Grade 9 stretchproblem solvingSolve -3(2x - 1) > 15.
4 marks7 minsinequality-g9Show solution
Solve -3(2x - 1) > 15.
- 1.Expand the bracket.
- 2.Rearrange the inequality.
- 3.Reverse the sign when dividing by a negative number.
x < -2
- M1: -6x + 3 > 15
- M1: -6x > 12
- A1: x < -2
Do not rush straight into arithmetic. Select the relevant method and show a complete chain of working.
Switch between skills
Set a timer and attempt all four questions before opening any answers.
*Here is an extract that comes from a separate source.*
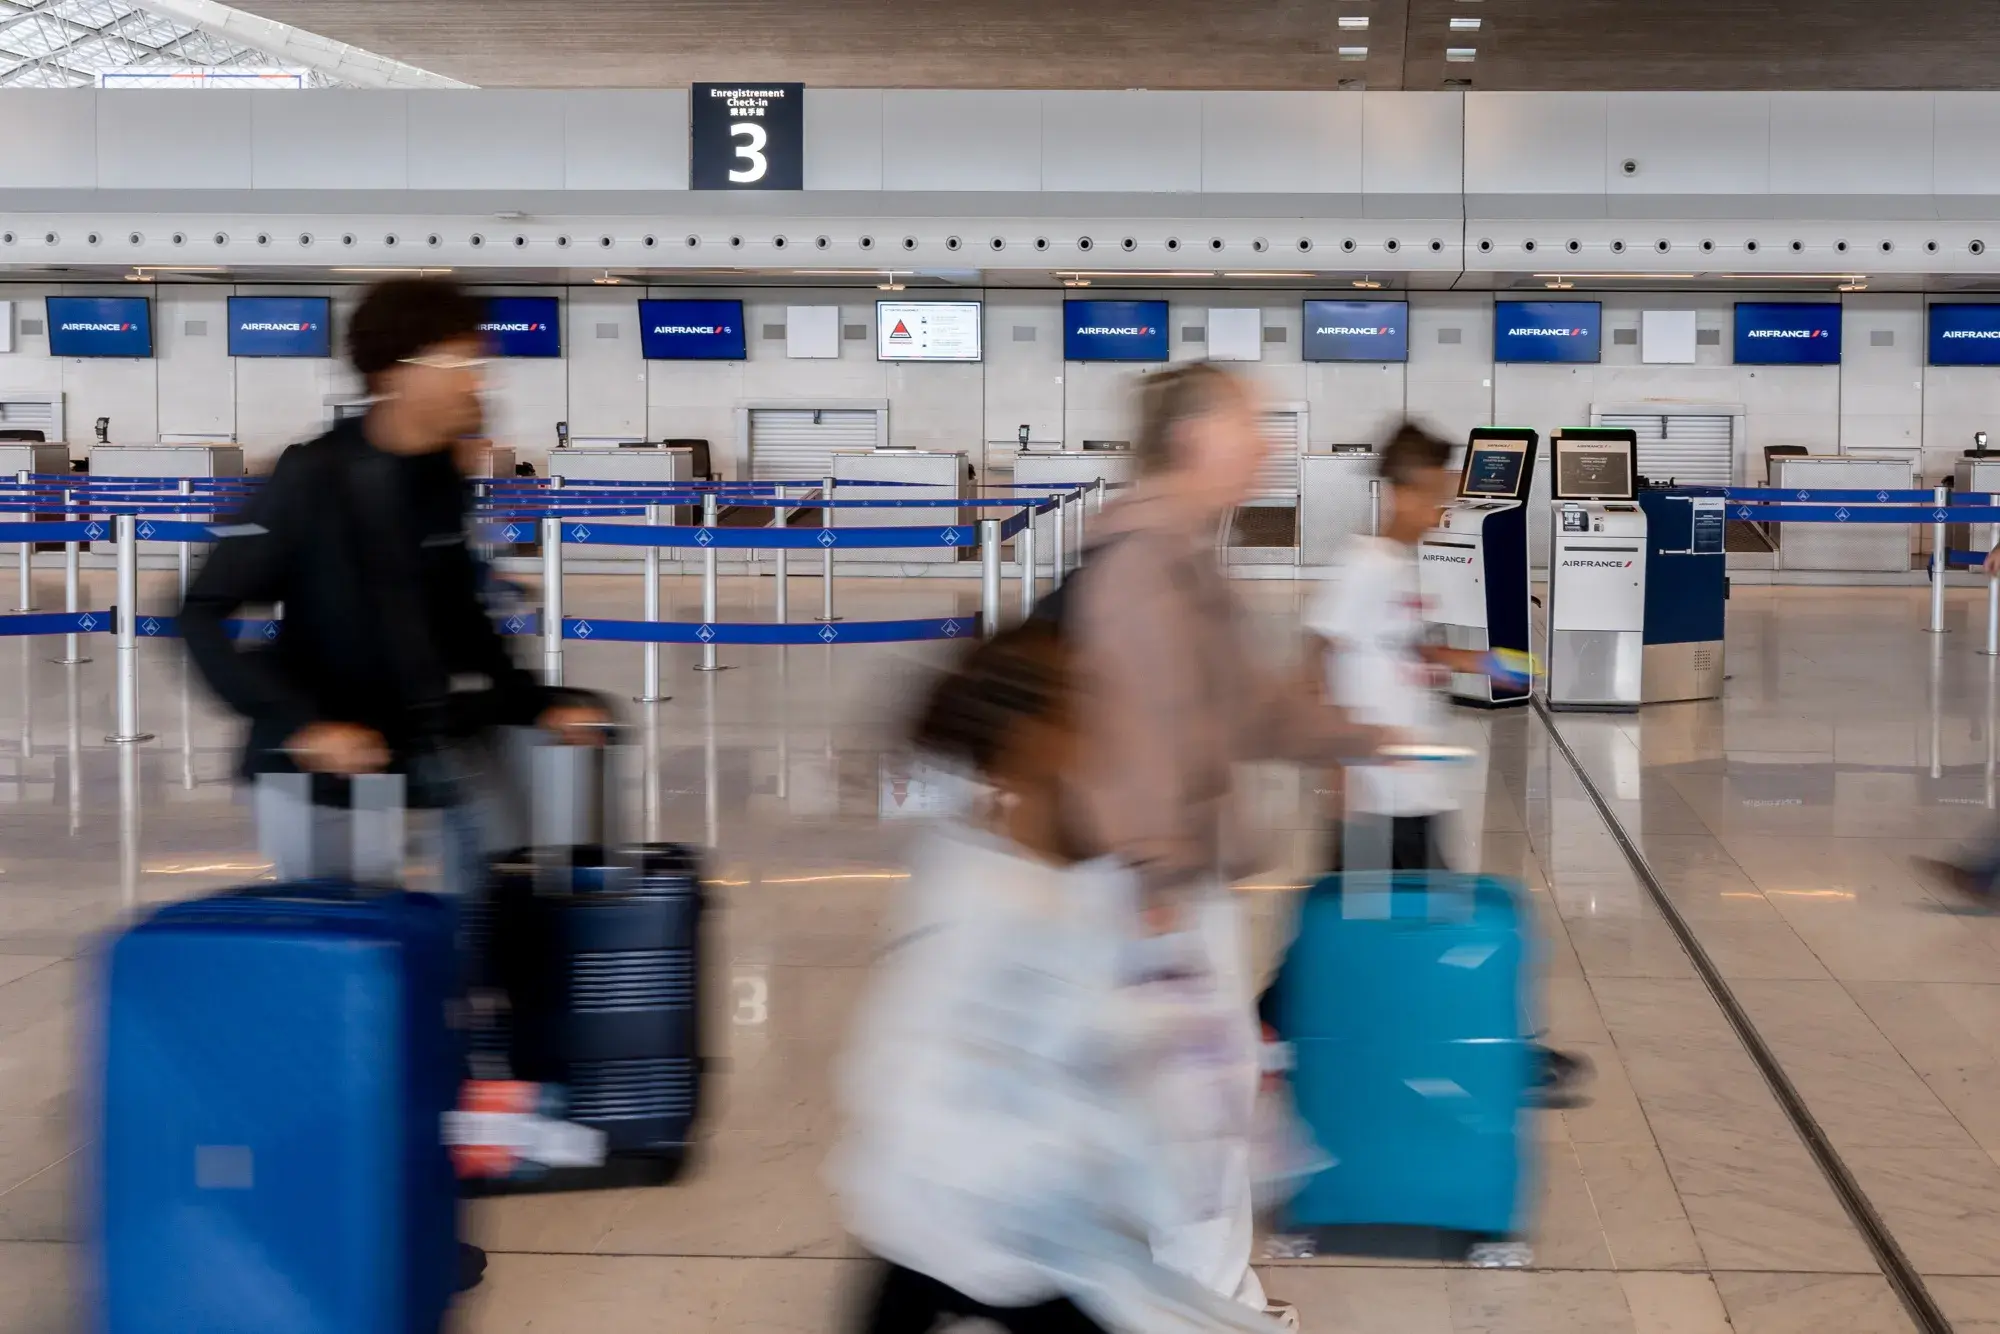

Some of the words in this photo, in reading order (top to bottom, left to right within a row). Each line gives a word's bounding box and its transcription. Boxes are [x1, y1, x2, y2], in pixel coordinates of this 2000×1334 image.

This is closer to the way skills appear in a real paper.
1Linear inequalities - 2 marksSolve 5x − 3 > 17Mark answer
x > 4
2Algebraic notation and substitution - 2 marksFind t² + 4t when t = −2Mark answer
−4
3Simplifying expressions - 2 marksSimplify 2xy + 3x²y − xy + x²yMark answer
3x²y + xy
4Expanding and factorising - 3 marksFactorise fully 6x² + 9xMark answer
3x(2x + 3)
- I can explain the method for linear inequalities.
- I can show clear working without skipping key steps.
- I can avoid this mistake: Students forget to flip the inequality when dividing by a negative number.This is the single most common error in linear inequality questions.One way to avoid it: instead of dividing by −2, add 2x to both sides and keep the coefficient positive throughout.For example: 3 − 2x ≤ 11 → 3 ≤ 11 + 2x → −8 ≤ 2x → x ≥ −4.
This guide follows the AQA GCSE Mathematics 8300 specification. Practice questions are original Learnova questions shaped around official content and exam skills.